Freight rates are expected to rebound strongly after falling for 15 consecutive weeks! Shanghai's unblocking triggers a new round of port congestion crisis in the container shipping market
The container freight rate has been falling for 15 consecutive weeks, hitting a 9-month low. However, as China gradually unblocks and resumes work and the United States accumulates a large number of empty containers, it may trigger a new round of port congestion crisis, and the freight rate is expected to rebound strongly in May.
According to the latest data released by the Shanghai Stock Exchange on April 29, the Shanghai Export Containerized Freight Index (SCFI) fell 18.68 points to 3096.85 points last week, but the decline has narrowed to 0.4%, indicating that market demand is strong, and in April The decline was only 3.94%, which continued to shrink from the 8.39% decline in March. In March and April, the most bearish months of the market, the combined decline in the SCFI index was only 12.33%.
In the latest SCFI index, the freight rate per FEU from the Far East to the East of the United States was US$12,900, down US$116 or 1% from the previous week. The freight rate per FEU from Far East to West America was US$7,888, up 28% or 0.3% from the previous week. The freight rate from Far East to Europe reached US$5,984 per TEU, down US$32, or 0.5%; the freight rate from Far East to Mediterranean fell by US$19, reaching US$6,671 per TEU, down 0.2%. In addition, the Far East to Singapore fell $ 114 per TEU to $ 1,001, or 11%.
It is worth noting that the freight rate of the Far East to the US east line has been rising for two consecutive weeks before. Although it fell slightly last week, in terms of monthly performance, the US east line rose 2.25% against the trend in April, which is the only increase among the main routes. route. In addition, the impact of the Russian-Ukrainian war on Europe has also begun to decrease, and the decline in freight rates from the Far East to Europe has decreased week by week, and the decline has narrowed to less than 1% last week.

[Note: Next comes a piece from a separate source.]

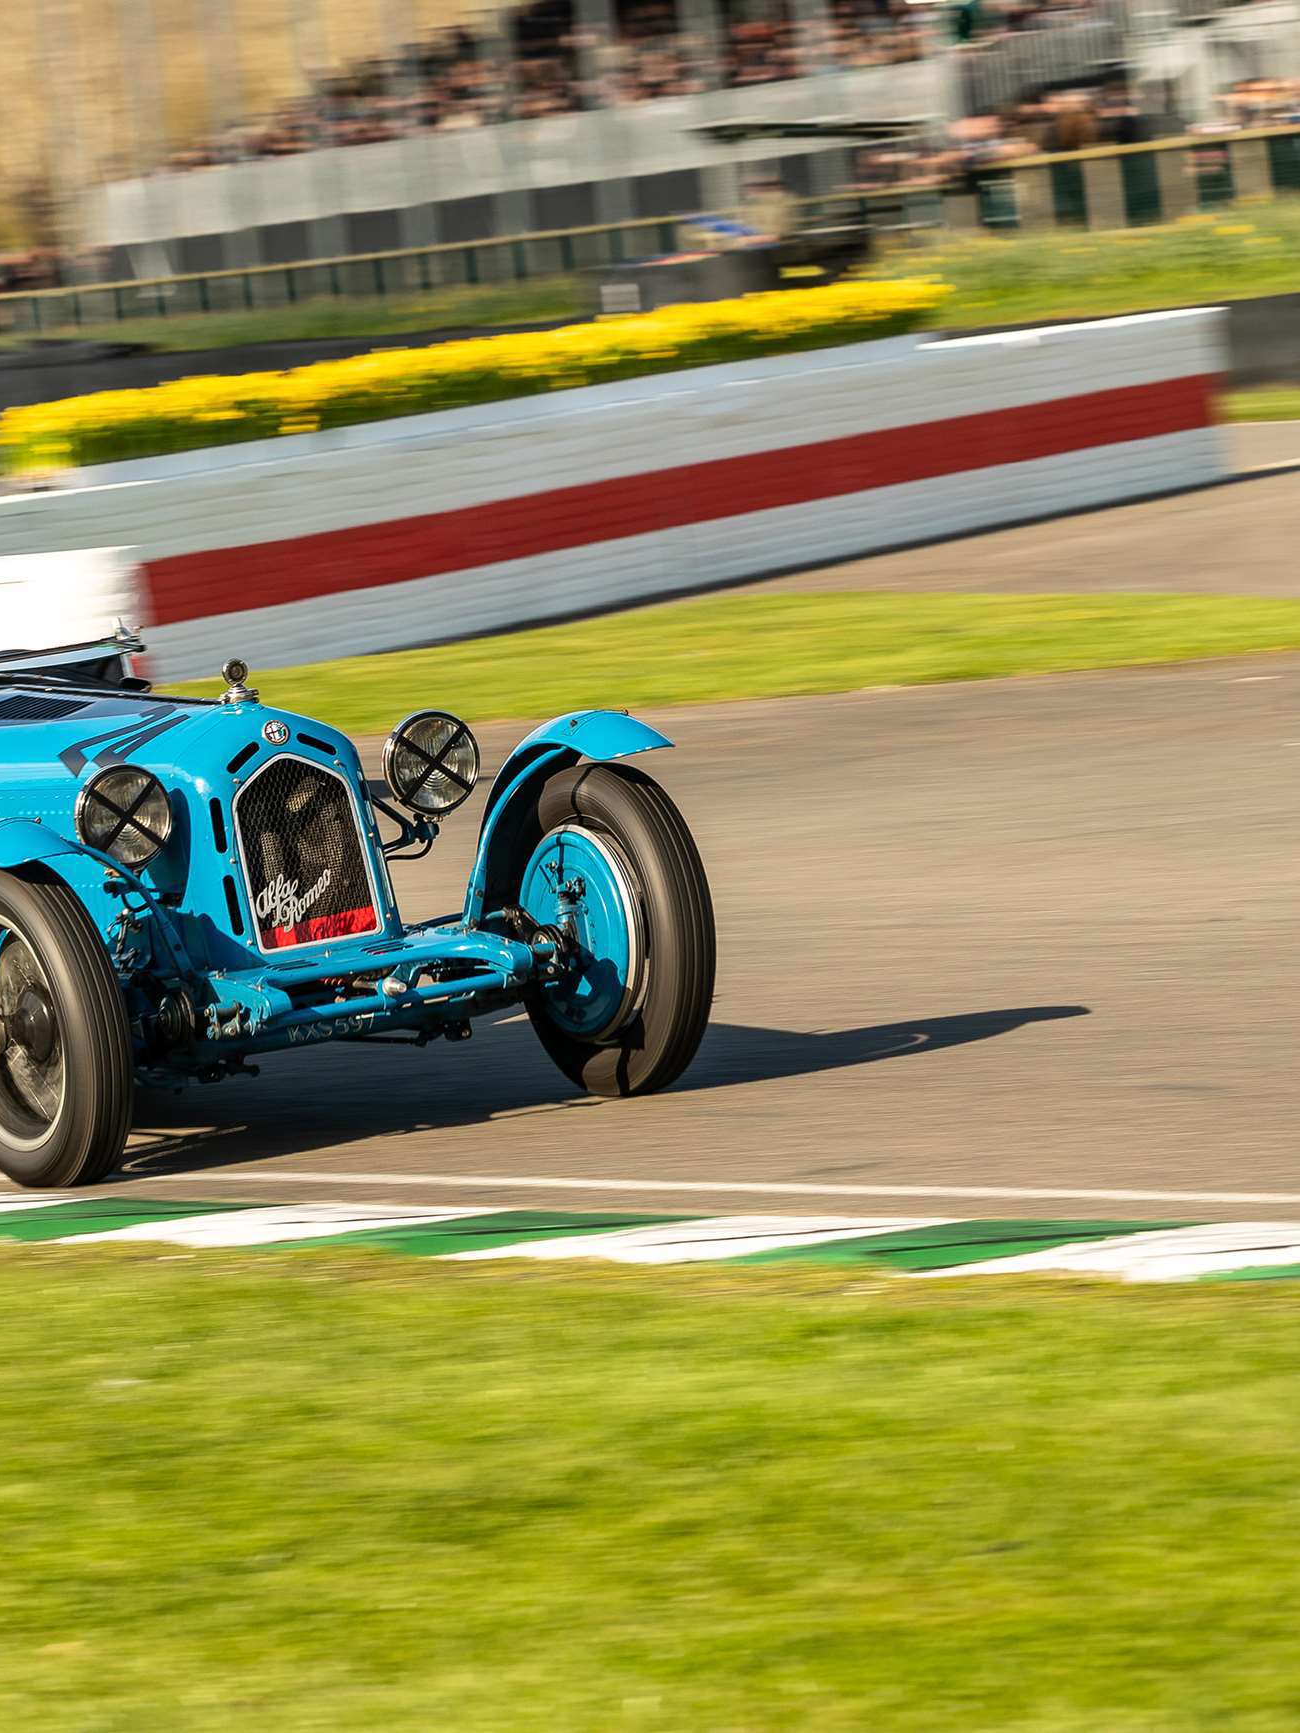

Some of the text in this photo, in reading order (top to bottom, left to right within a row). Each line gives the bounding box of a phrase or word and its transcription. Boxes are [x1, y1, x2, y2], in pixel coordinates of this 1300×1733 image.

[256, 874, 298, 925] Alfa
[277, 869, 331, 932] Romeo
[288, 1021, 332, 1041] KXS

In April this year, the closure of Shanghai severely impacted the container shipping market, and the volume of containers from mainland China to U.S. ports fell to a new low this year. The industry predicts that once China restarts shipments, a large number of ships will flood into the ports on the west coast of the United States, and the waiting time of ships will inevitably be prolonged, and the pressure of global port congestion will increase, and the impact will be even more serious than last year.
At present, US retailers have begun to "replenish winter stocks." Industry insiders said that after the pandemic has eased, major factories in Shanghai have made every effort to catch up with shipments. It is estimated that the peak season of small-band shipments is expected to usher in the first half of May, and the market demand may rebound rapidly, and the excessively suppressed export demand has begun to increase. In addition, the upcoming U.S.-Western dockworker swap talks will also exacerbate supply chain imbalances.
According to the analysis of Container xChange, an international container logistics company, a large number of empty containers are currently piled up at the east and west coast terminals of the United States, but Asia, which is in urgent demand, is facing a shortage of containers, resulting in an imbalance in the supply of containers on the east and west. The problem is that the operation of the US West Terminal is inefficient, and workers face a mountain of empty containers, and their efficiency is declining. The situation is not optimistic.
At present, the world's idle container ships are approaching zero, and many container shipping companies have adjusted their schedules to prepare for the rush to ship in May. Relevant data showed that the number of ships waiting to enter outside Chinese ports was 195% higher than in February.
Jacques Vandermeiren, CEO of the Port of Antwerp, pointed out that once China restarts its economy after the unblocking, the demand for merchant ships will increase rapidly, and a large number of cargo shipments will rise, which will cause the already congested ports to become more serious than last year, which is bound to be great negative impact throughout the year.
Julie Gerdeman, CEO of supply chain risk analysis firm Everstream Analytics, said wait times are bound to increase significantly once product export activity resumes and ships flood into western U.S. ports. FreightWaves, a provider of freight data and analytics in North America, warned that "it's going to destroy everyone's summer."
In response to market changes, the world's major container shipping companies have raised the Asia-to-US General Rate Surcharge (GRI) since May 1, with an increase of about $1,000 to $2,000 per FEU.